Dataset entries
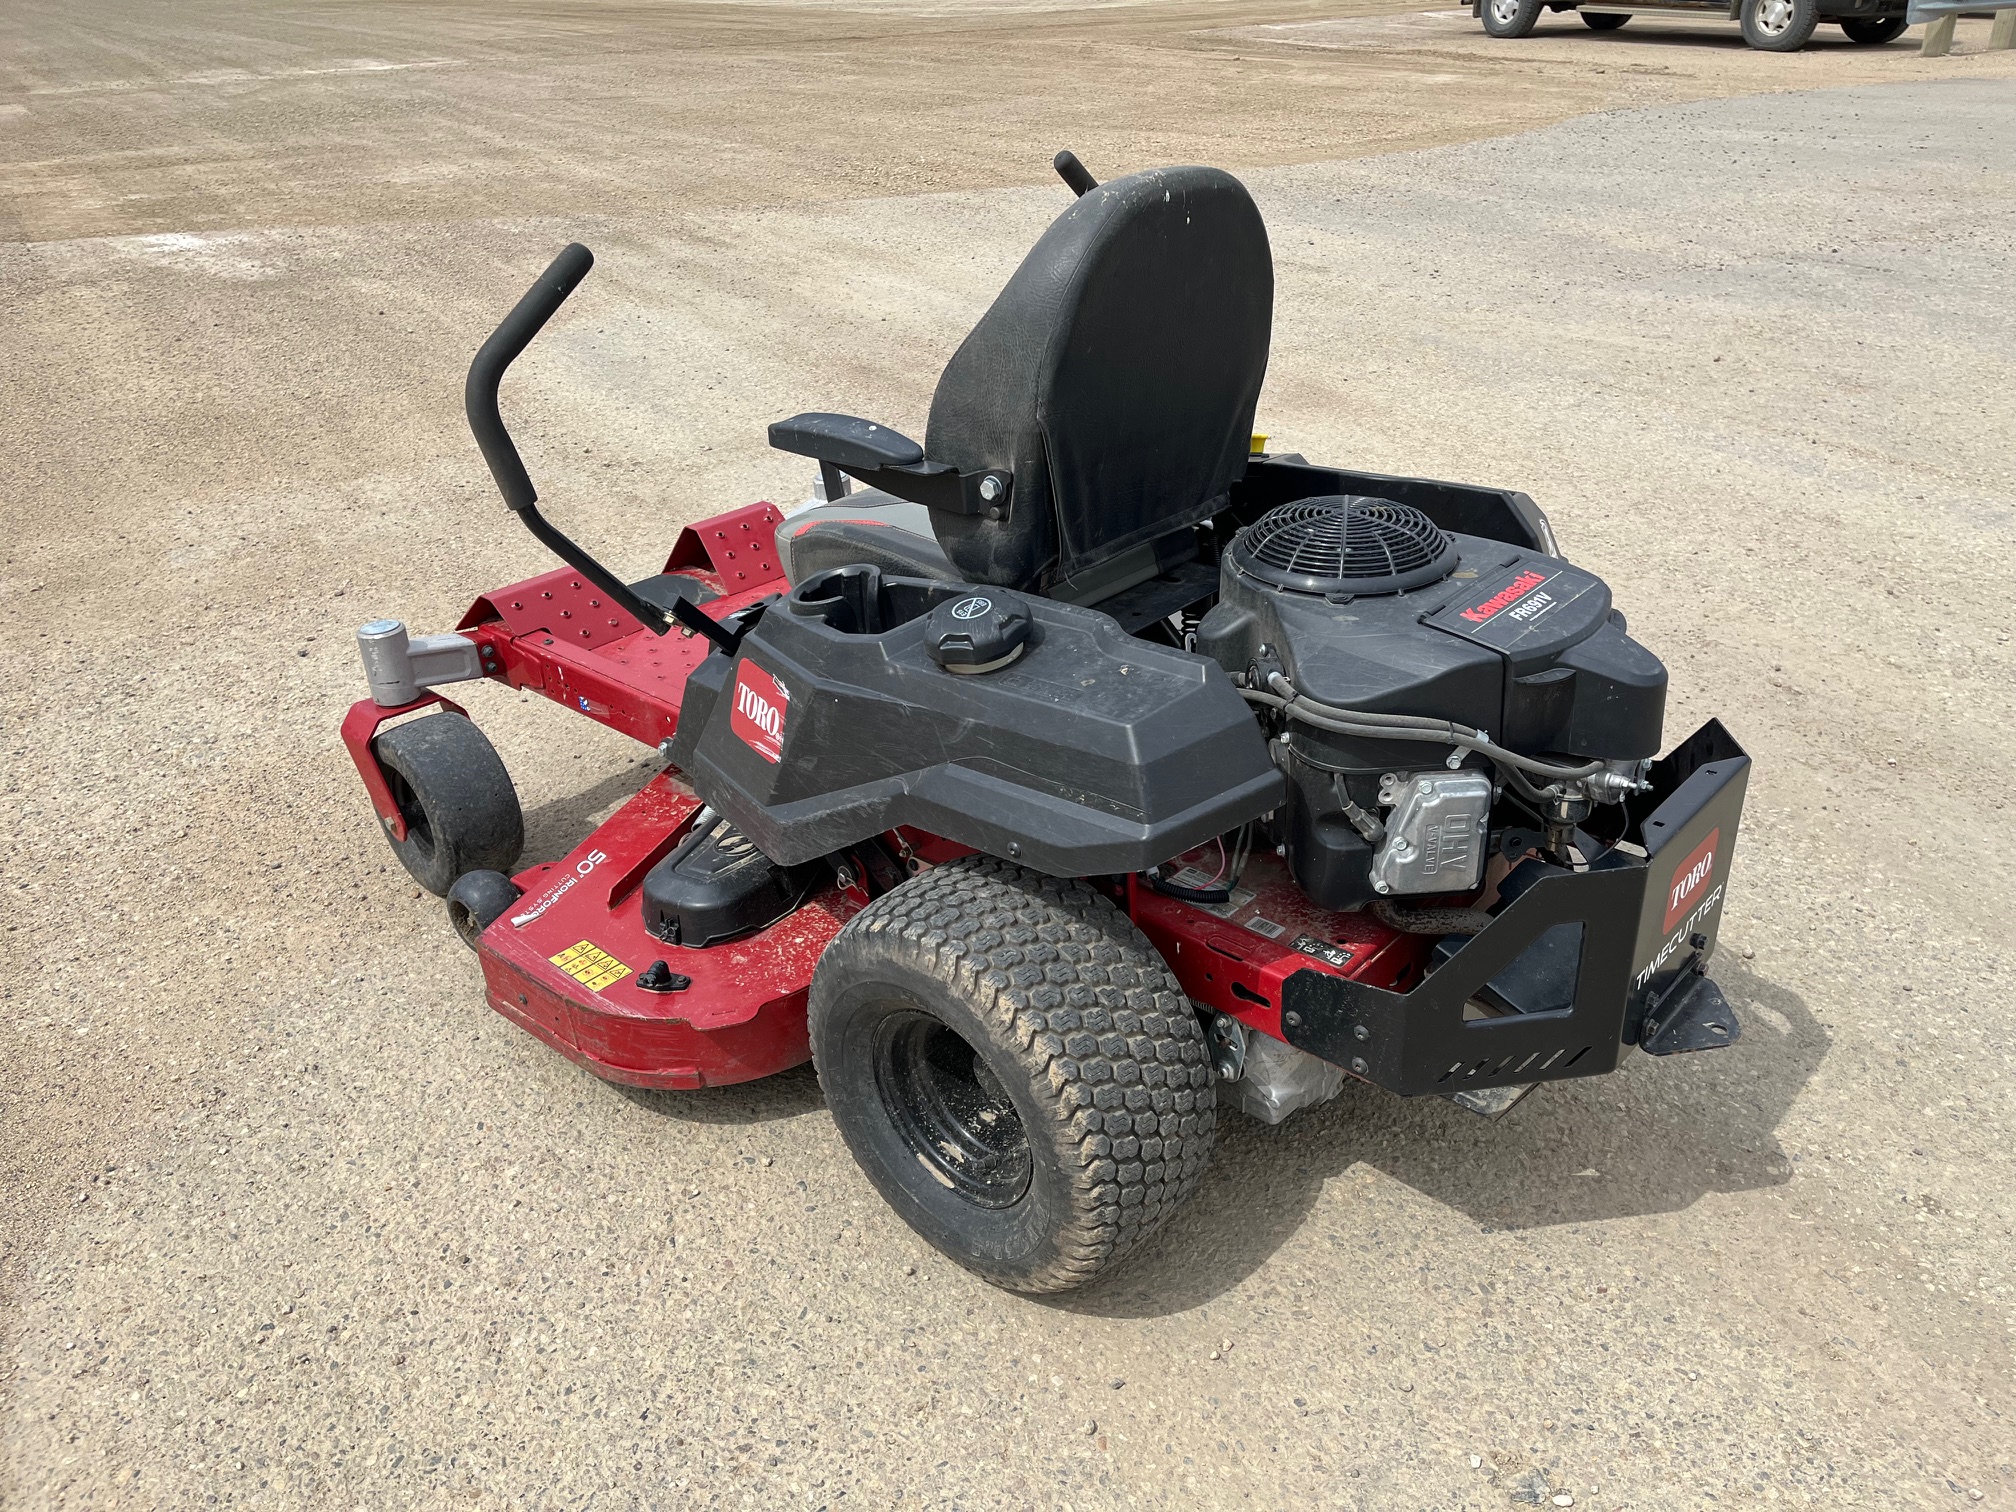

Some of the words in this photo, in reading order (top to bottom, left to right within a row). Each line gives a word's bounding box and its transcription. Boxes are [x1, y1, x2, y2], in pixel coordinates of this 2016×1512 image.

[1460, 570, 1546, 623] Kawasaki
[1508, 591, 1552, 621] FR691V
[737, 681, 780, 736] TORO
[1441, 813, 1472, 872] OHV
[519, 897, 543, 917] SYSTE
[530, 877, 579, 916] IRONFORC
[542, 873, 571, 898] CUTTING
[1671, 851, 1712, 911] TORO
[1636, 884, 1723, 991] TIMECUTTER

Work instructions:
Omit the images and transcribe all of the records above word for word.

Exercise response:
Some of the words in this photo, in reading order (top to bottom, left to right within a row). Each line gives a word's bounding box and its transcription. Boxes are [x1, y1, x2, y2], in pixel coordinates of this 2016×1512 image.

[1460, 570, 1546, 623] Kawasaki
[1508, 591, 1552, 621] FR691V
[737, 681, 780, 736] TORO
[1441, 813, 1472, 872] OHV
[519, 897, 543, 917] SYSTE
[530, 877, 579, 916] IRONFORC
[542, 873, 571, 898] CUTTING
[1671, 851, 1712, 911] TORO
[1636, 884, 1723, 991] TIMECUTTER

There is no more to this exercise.